The Boys and Girls Club of Tucson is making waves in the community! What's in store for them next?

From a 6-year-old member of the Boys and Girls Club in Washington, D.C. to the CEO of the Boys and Girls Club of Tucson, Denise Watters is using her past to create a positive influence on the future.

Overseeing six locations and 2,686 members, Watters is dedicated to providing every child that walks through the clubhouse doors with opportunities to achieve success. Most of the members, she said, come from low-income or single-parent households. A $20 membership cost provides children with hot meals, homework help and a variety of programs to fill their schedules. 

What isn’t included in that cost is the priceless bond between club members and staff. 

One child, a boy named David, completely embodied this special relationship while attending a Boys and Girls Club event. Watters said that she was getting ready to speak in front of the crowd when David came up to her. Unsure of what to expect, she said that David asked her if she was nervous and wanted to check in on her.

“They’ve become part of the extended family,” Watters said.

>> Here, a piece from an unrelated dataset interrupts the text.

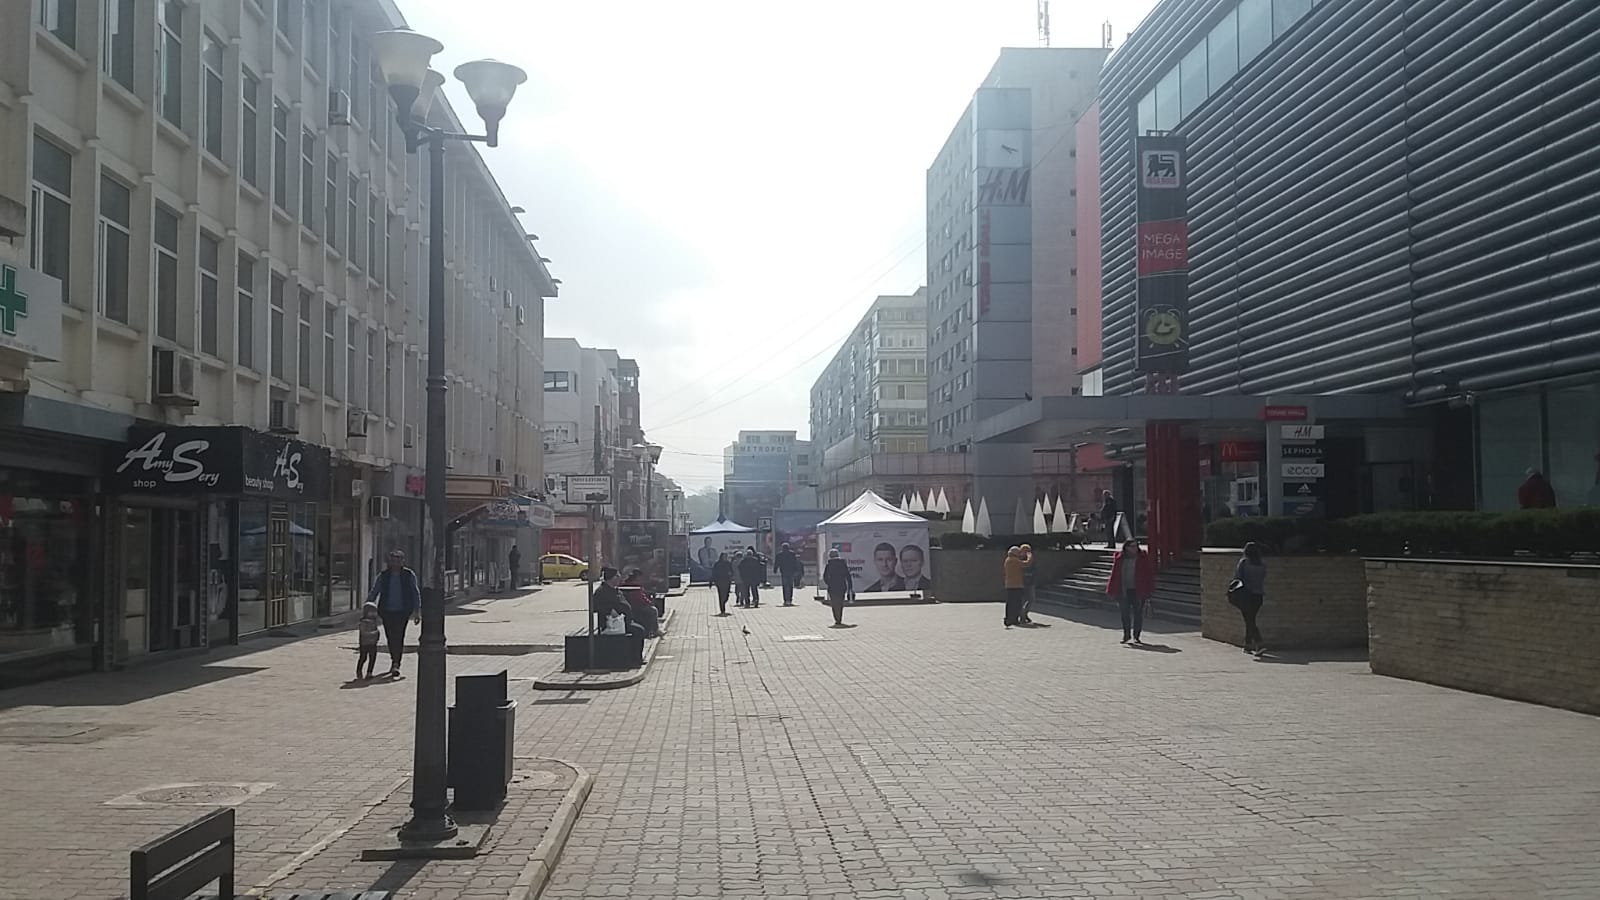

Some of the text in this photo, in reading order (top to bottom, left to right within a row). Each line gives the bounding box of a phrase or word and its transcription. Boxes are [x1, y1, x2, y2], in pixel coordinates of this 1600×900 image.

Watters' eyes lit up as she explained that David wants to be a vet when he grows up. A Boys and Girls Club field trip to Reid Park Zoo ignited his newfound interest.

The zoo visit barely scratches the surface of the learning experiences offered by the Boys and Girls Club. Watters said that children are exposed to all avenues through the 40-plus list of programs, and that list continues to grow.

The academically-driven programs hold a special place in Watters’s heart and the effects of those programs extend beyond the children’s membership period. Watters highlighted the EXCEL program, where members earn money for bringing in good grades on their report cards. The money is kept in an account until they graduate, giving them a safety net for their future plans. 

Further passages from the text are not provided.